If you do your job, you can't be fired because you rub your manager the wrong way (imagine that?). If you don't, there's a process to fire employees. A union is just that: a union of people. If you're a cancerous employee, the union doesn't want to work with you either.

Why doesnt that happen enough in current unionizes jobs ?

This does happen in current union jobs.

There is a reason for outsourcing, and its not just cost.

The only thing that highly technical workers dislike more than meeting in real life with each other is having someone tell them what they can and can't do.

Unions aren't really compatible with the mindset in Tech today, in my experience knowing people. Small movements start, bikeshedding happens, and everything fractures.

Well, theoretically Google employees can Unionize but theoretically Google can also spin out half dozen labs as separate companies and buy technology at exorbitant rates. Meanwhile union employees will get paid union rates which I am thinking won't be too high.

Depends on the deal. My cousin is a state police sergeant. He makes as much as a director level employee in most areas.

My sister in law is a unionized nurse practitioner. Unionization raised her salary a bit, but most importantly stabilized her schedule.

Our engineeers had the opportunity to unionize.

We had a fantastic team and boss. Everyone wanted us to be non-union.

Then... The union factory people demanded we joined the union.

We became a heated center of debate despite 0 of us wanting to join the union.

We survived, and I get paid for lunches!(they dont)

>organize to make the world a better place

I'm terrified of labor organization specifically because of vague and ill-defined goals. Without a well defined purpose, the goal of an organization turns to self-perpetuation, and can do so at the expense of members.

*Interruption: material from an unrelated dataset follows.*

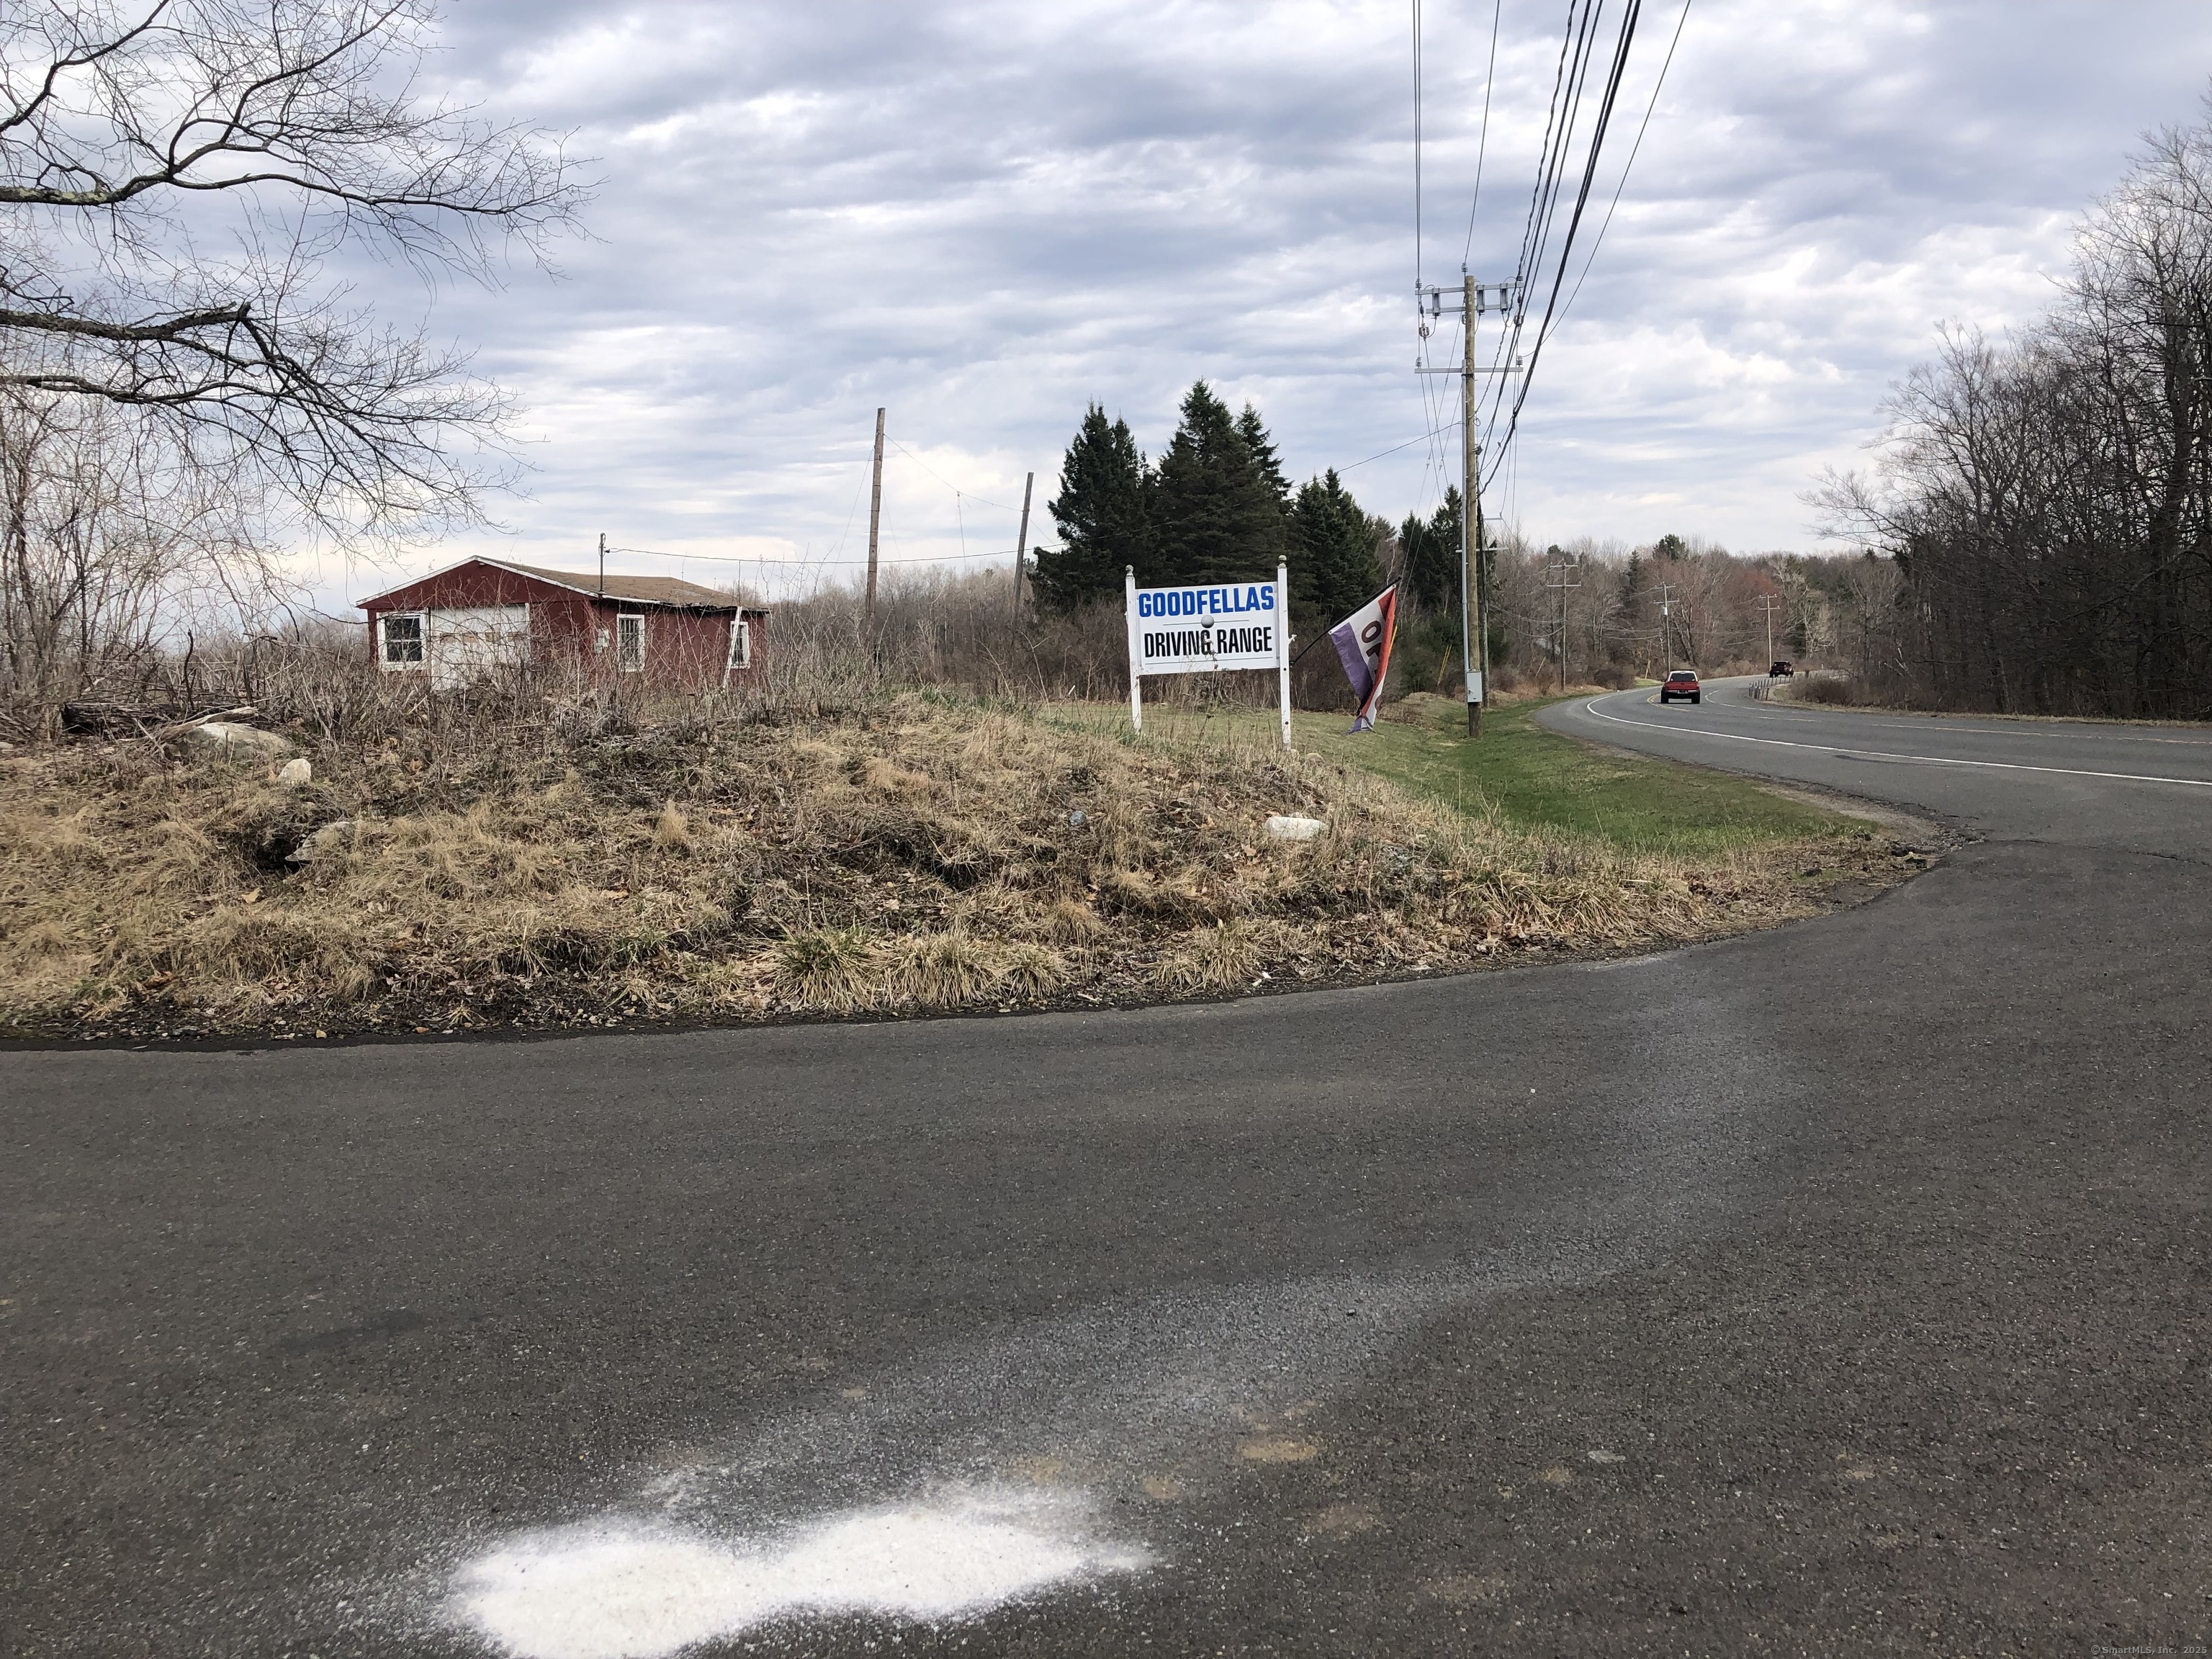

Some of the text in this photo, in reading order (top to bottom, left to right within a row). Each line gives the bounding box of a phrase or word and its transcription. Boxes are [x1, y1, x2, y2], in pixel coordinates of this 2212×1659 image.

[1138, 585, 1274, 617] GOODFELLAS
[1144, 626, 1272, 658] DRIVING RANGE

Of the reasons to organize, the most convincing to me is an ethical opposition to abusing the time, privacy, and mental state of users who have no practical option but to trust the tools we build.

Get a critical mass to build and commit to specific and articulate goals. On screen and upfront. Then, and only then, will I entertain the idea of a union to implement it.

As someone living/working outside of the US, I'm not sure if this post is a joke. Is a median of $200k actually low?

I think its a joke, or it should be. Income of $200k puts you above 97.3% of Americans according to https://dqydj.com/income-percentile-calculator/ .

$200k is not low anywhere in the US for any job (except maybe certain types of specialist doctor).

Depends on where you live.

There is nowhere in the USA where $200k is low.